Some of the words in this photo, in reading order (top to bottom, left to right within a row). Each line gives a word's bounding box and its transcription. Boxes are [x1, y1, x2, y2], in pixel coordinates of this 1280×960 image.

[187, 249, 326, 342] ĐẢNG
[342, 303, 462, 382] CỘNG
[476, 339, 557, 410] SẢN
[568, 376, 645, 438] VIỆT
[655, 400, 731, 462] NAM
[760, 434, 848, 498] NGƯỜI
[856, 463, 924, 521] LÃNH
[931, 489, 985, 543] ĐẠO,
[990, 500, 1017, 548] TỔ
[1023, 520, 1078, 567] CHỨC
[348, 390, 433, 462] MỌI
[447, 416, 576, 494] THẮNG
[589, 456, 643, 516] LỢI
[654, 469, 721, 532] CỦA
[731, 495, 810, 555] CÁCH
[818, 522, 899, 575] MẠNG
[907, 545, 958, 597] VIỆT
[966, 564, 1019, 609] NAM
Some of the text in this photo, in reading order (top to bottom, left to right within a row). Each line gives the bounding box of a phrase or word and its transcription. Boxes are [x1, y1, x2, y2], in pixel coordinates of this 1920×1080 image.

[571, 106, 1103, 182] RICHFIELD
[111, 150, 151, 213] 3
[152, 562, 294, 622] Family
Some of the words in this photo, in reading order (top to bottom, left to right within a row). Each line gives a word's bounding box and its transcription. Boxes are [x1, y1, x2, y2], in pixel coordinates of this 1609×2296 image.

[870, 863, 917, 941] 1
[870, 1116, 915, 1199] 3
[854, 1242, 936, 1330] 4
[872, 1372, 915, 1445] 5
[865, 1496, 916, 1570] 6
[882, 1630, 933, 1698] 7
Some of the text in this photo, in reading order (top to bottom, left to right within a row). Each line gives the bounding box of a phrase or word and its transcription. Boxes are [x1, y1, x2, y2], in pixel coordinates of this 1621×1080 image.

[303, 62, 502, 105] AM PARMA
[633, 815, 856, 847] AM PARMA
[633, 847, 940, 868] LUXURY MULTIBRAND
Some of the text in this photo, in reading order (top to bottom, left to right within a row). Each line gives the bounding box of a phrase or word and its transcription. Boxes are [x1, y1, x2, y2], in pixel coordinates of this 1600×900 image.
------------------------------------
> **BRIEF**: Copy out all of the records verbatim.

> **THE ANSWER**:
Some of the words in this photo, in reading order (top to bottom, left to right within a row). Each line gives a word's bounding box and its transcription. Boxes are [x1, y1, x2, y2], in pixel coordinates of this 1280×960 image.

[187, 249, 326, 342] ĐẢNG
[342, 303, 462, 382] CỘNG
[476, 339, 557, 410] SẢN
[568, 376, 645, 438] VIỆT
[655, 400, 731, 462] NAM
[760, 434, 848, 498] NGƯỜI
[856, 463, 924, 521] LÃNH
[931, 489, 985, 543] ĐẠO,
[990, 500, 1017, 548] TỔ
[1023, 520, 1078, 567] CHỨC
[348, 390, 433, 462] MỌI
[447, 416, 576, 494] THẮNG
[589, 456, 643, 516] LỢI
[654, 469, 721, 532] CỦA
[731, 495, 810, 555] CÁCH
[818, 522, 899, 575] MẠNG
[907, 545, 958, 597] VIỆT
[966, 564, 1019, 609] NAM
Some of the text in this photo, in reading order (top to bottom, left to right within a row). Each line gives the bounding box of a phrase or word and its transcription. Boxes are [x1, y1, x2, y2], in pixel coordinates of this 1920×1080 image.

[571, 106, 1103, 182] RICHFIELD
[111, 150, 151, 213] 3
[152, 562, 294, 622] Family
Some of the words in this photo, in reading order (top to bottom, left to right within a row). Each line gives a word's bounding box and its transcription. Boxes are [x1, y1, x2, y2], in pixel coordinates of this 1609×2296 image.

[870, 863, 917, 941] 1
[870, 1116, 915, 1199] 3
[854, 1242, 936, 1330] 4
[872, 1372, 915, 1445] 5
[865, 1496, 916, 1570] 6
[882, 1630, 933, 1698] 7
Some of the text in this photo, in reading order (top to bottom, left to right within a row). Each line gives the bounding box of a phrase or word and its transcription. Boxes are [x1, y1, x2, y2], in pixel coordinates of this 1621×1080 image.

[303, 62, 502, 105] AM PARMA
[633, 815, 856, 847] AM PARMA
[633, 847, 940, 868] LUXURY MULTIBRAND
Some of the text in this photo, in reading order (top to bottom, left to right within a row). Each line gives the bounding box of a phrase or word and its transcription. Boxes are [x1, y1, x2, y2], in pixel coordinates of this 1600×900 image.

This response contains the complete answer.